Shamrock warned about cGMP failings

US drug repackager receives a warning letter from the US FDA

Shamrock Medical Solutions Group, a drug repackager based in Lewis Center, Ohio, US, has received a warning letter from the US FDA after inspectors identified violations to cGMP regulations.

An inspection carried out between 3–24 August 2011 found that the firm’s processes did not meet cGMP standards and ‘adulterated and misbranded drugs’ entered the supply chain.

The FDA said Shamrock failed to exercise appropriate controls over computer systems to ensure that ‘changes in master production and control records, or other records are instituted only by authorised personnel’.

The inspectors found that repackaging technicians changed master labels of Levothyroxine Sodium, Diltiazem HCI ER Capsule, and Metoclopramide, which resulted in product packages being labelled with the incorrect strength or the incorrect spelling of the drug name.

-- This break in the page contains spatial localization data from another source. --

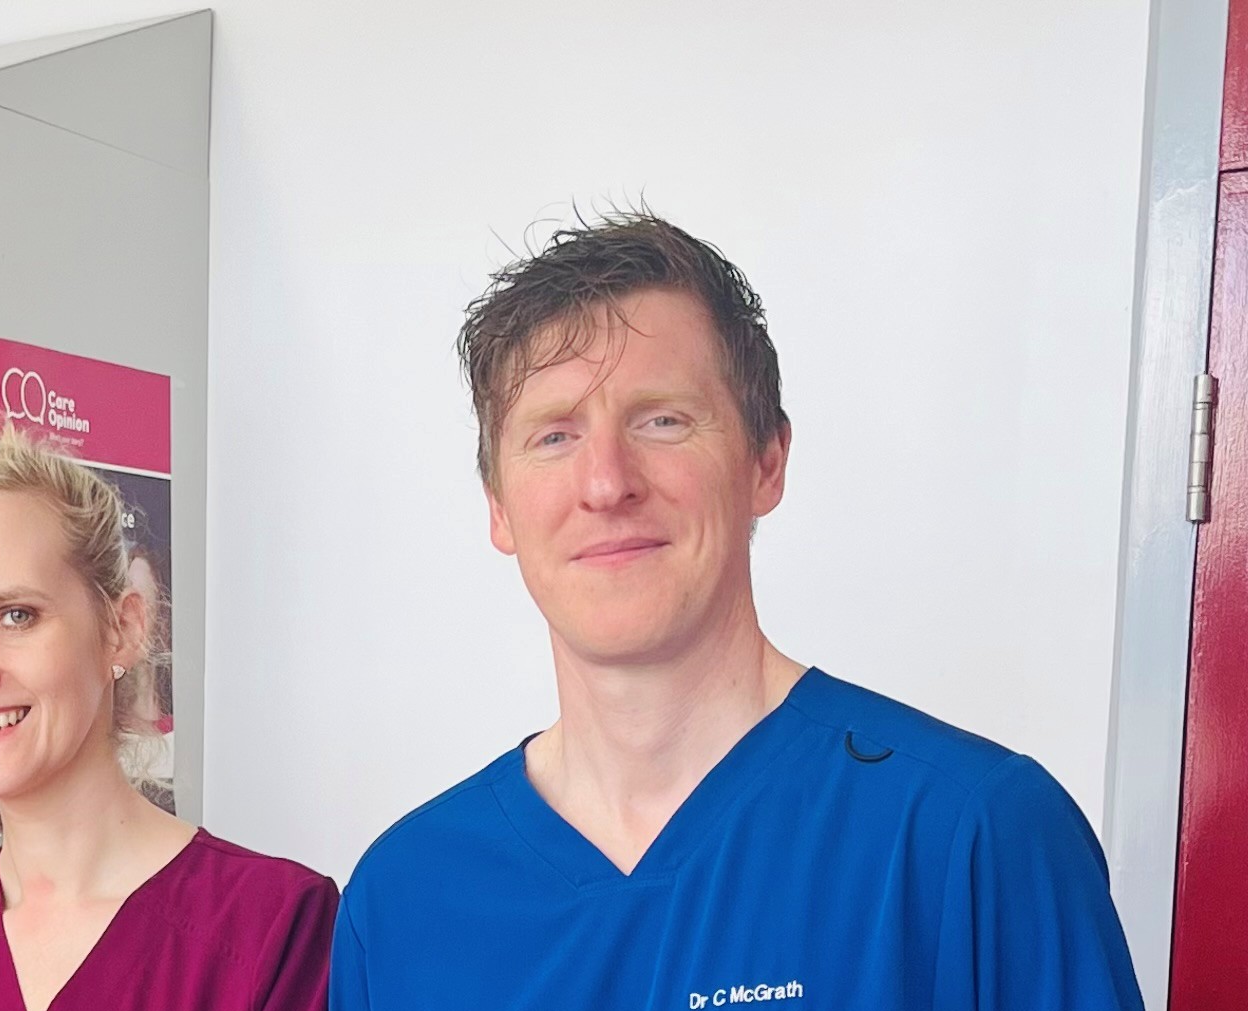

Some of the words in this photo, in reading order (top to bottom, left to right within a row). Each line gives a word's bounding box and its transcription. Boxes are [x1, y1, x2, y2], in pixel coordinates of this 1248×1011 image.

[48, 389, 75, 413] Care
[48, 408, 90, 433] Opinion
[689, 992, 709, 1010] Dr
[713, 989, 727, 1006] C
[729, 980, 803, 1004] McGrath

These mislabelled packets were then released for distribution.

Although Shamrock proposed to revise the labelling system software to restrict technicians’ access to the master labelling programme on 31 March 2011, ‘to date, your firm has not reported any corrective or preventive actions taken to address these violations’, the FDA said.

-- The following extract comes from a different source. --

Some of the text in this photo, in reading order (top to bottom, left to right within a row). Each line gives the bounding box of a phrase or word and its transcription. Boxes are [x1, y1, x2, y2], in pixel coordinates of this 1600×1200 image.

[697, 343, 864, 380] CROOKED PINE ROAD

In addition, the FDA said Shamrock did not have any written procedures for the manual repackaging of liquid drugs into oral syringes or fluid dose cups, nor did it have a process to ensure that the repackaged containers are properly filled.

Consequently, the firm received complaints from customers that products contained air bubbles and had low fill volumes.

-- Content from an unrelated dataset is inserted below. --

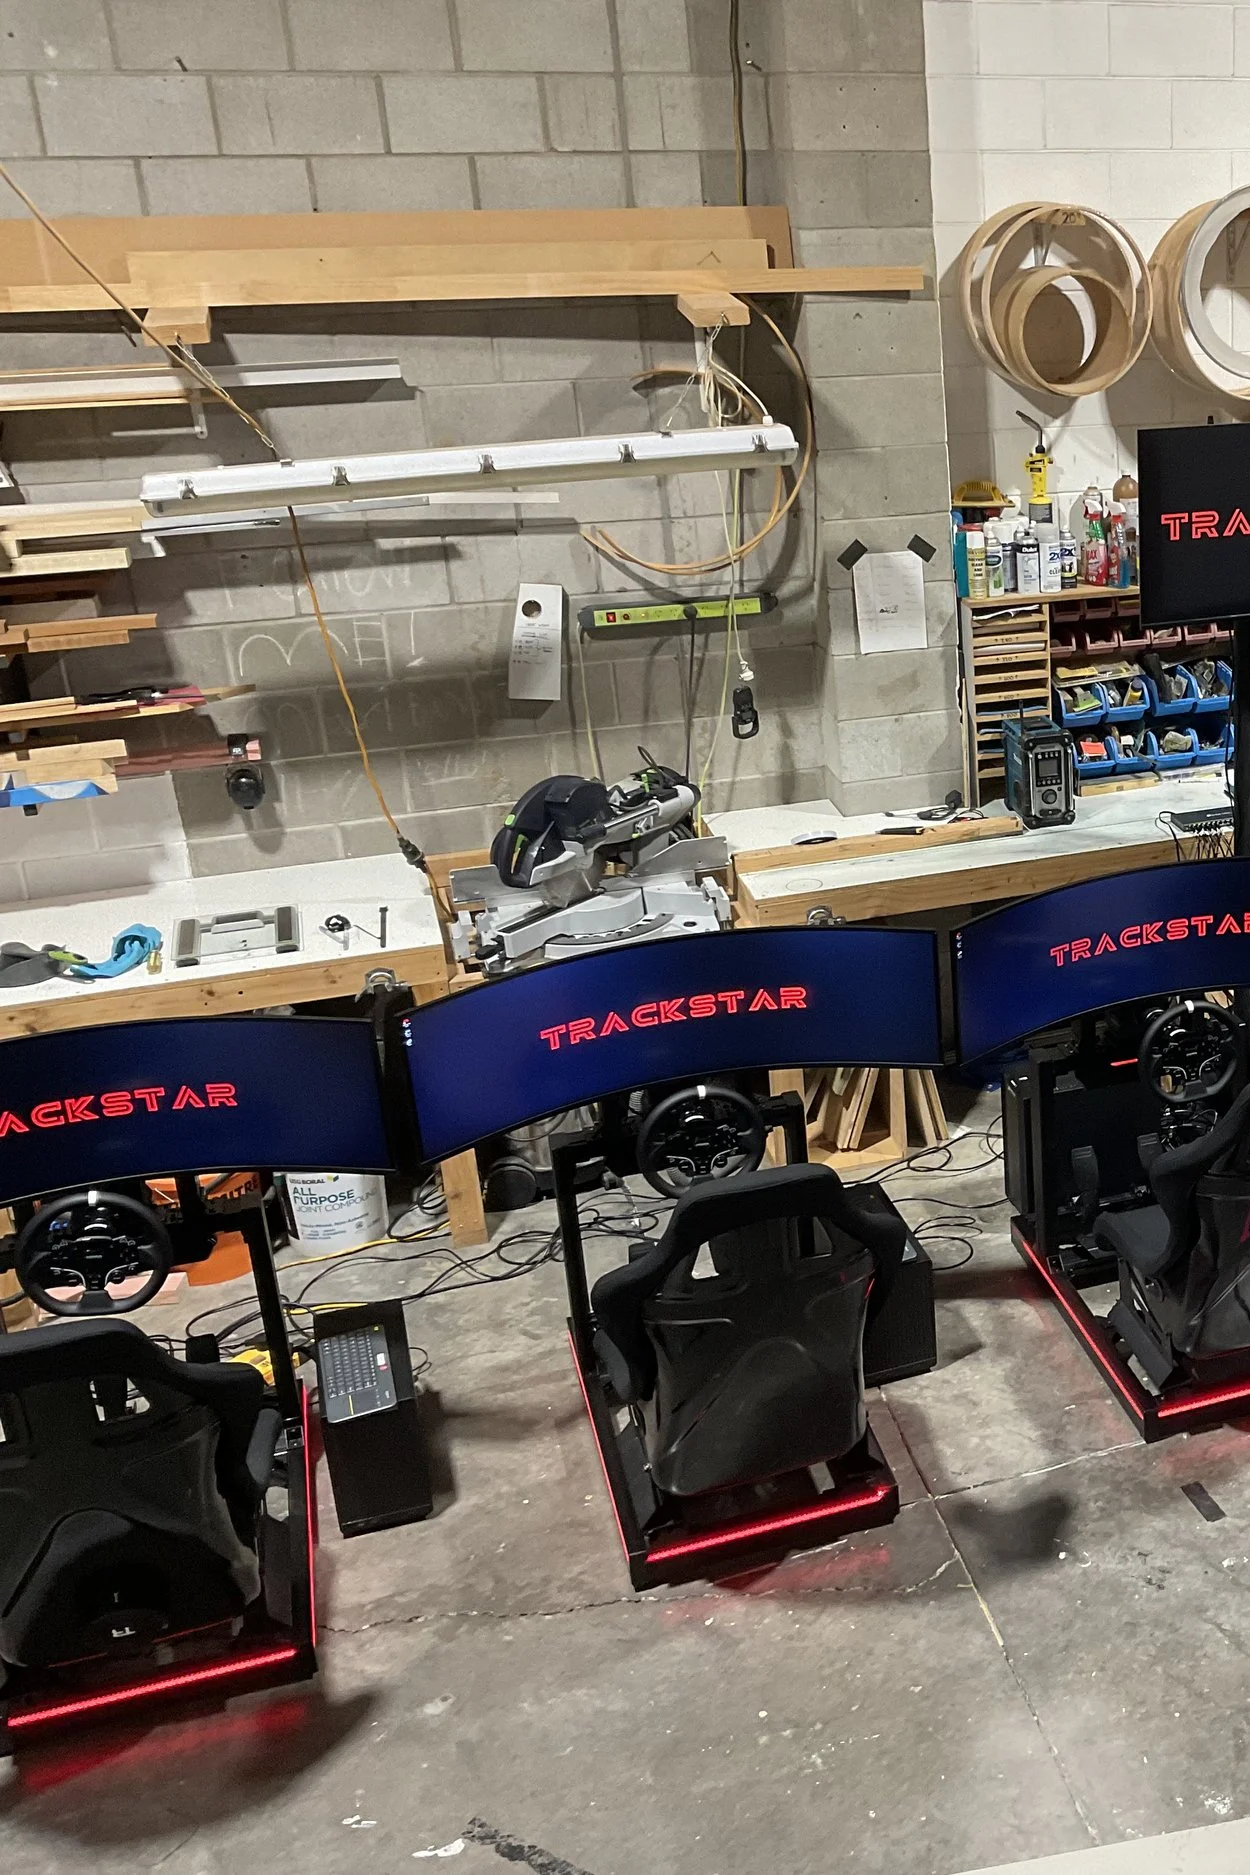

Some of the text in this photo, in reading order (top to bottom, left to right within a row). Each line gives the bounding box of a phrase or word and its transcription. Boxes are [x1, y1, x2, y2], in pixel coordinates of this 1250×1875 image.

[541, 986, 808, 1050] TRACKSTAR
[293, 1186, 317, 1196] ALL
[294, 1189, 355, 1206] PURPOSE
[296, 1205, 322, 1213] JOINT

The firm also failed to conduct all required in-process sampling and weight checks, nor did it include yield calculations, or identify who performed or verified yield calculations for batch production records for several lots of various drug products that were repackaged and released.

The FDA said it had reviewed Shamrock’s response on 23 August 2011 to these production failings, but said it lacked sufficient corrective actions.

Although the firm sent a written response to the FDA on 17 May 2012, because it was received more than 15 business days after Form FDA 483 was issued, the FDA said the response had not been considered.

‘We plan to evaluate your response to the Form FDA 483, along with any other written material provided, as a direct response to this warning letter,’ the FDA said.